# WORK REQUIRED
Would you return the listing exactly as written, apart from its pictures?
** Opening PROVIDED DATA block **
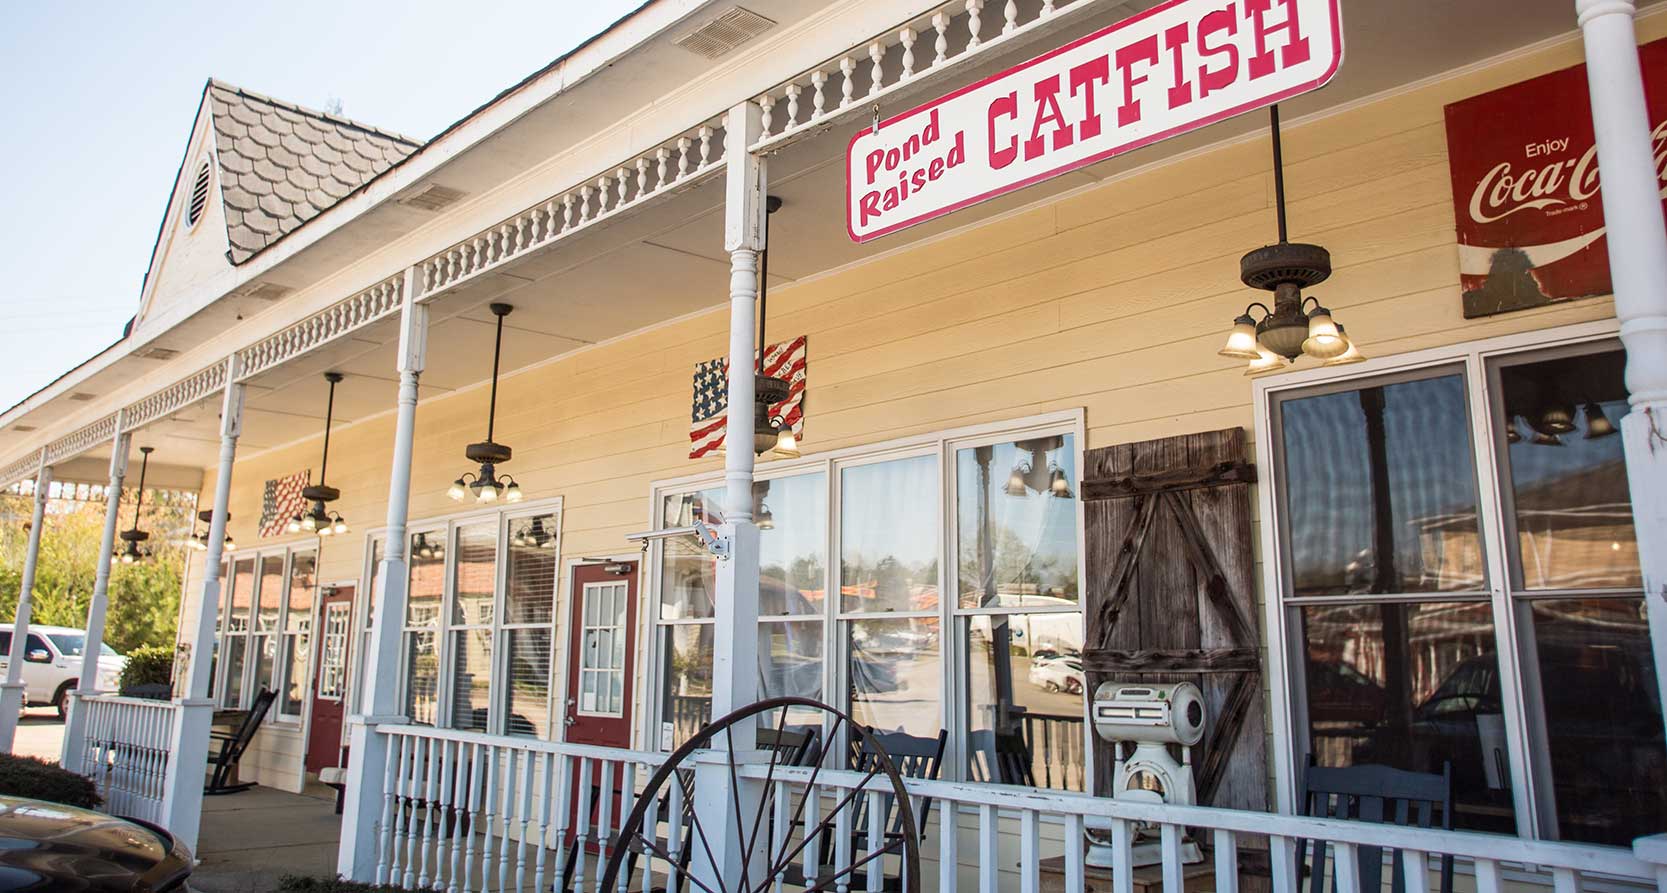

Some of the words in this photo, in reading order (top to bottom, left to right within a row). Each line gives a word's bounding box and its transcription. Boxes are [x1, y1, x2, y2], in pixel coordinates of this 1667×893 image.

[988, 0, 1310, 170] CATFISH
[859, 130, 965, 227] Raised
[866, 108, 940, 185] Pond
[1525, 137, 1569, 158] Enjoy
** Closing PROVIDED DATA block **
# YOUR RESPONSE
Some of the words in this photo, in reading order (top to bottom, left to right within a row). Each line gives a word's bounding box and its transcription. Boxes are [x1, y1, x2, y2], in pixel coordinates of this 1667×893 image.

[988, 0, 1310, 170] CATFISH
[859, 130, 965, 227] Raised
[866, 108, 940, 185] Pond
[1525, 137, 1569, 158] Enjoy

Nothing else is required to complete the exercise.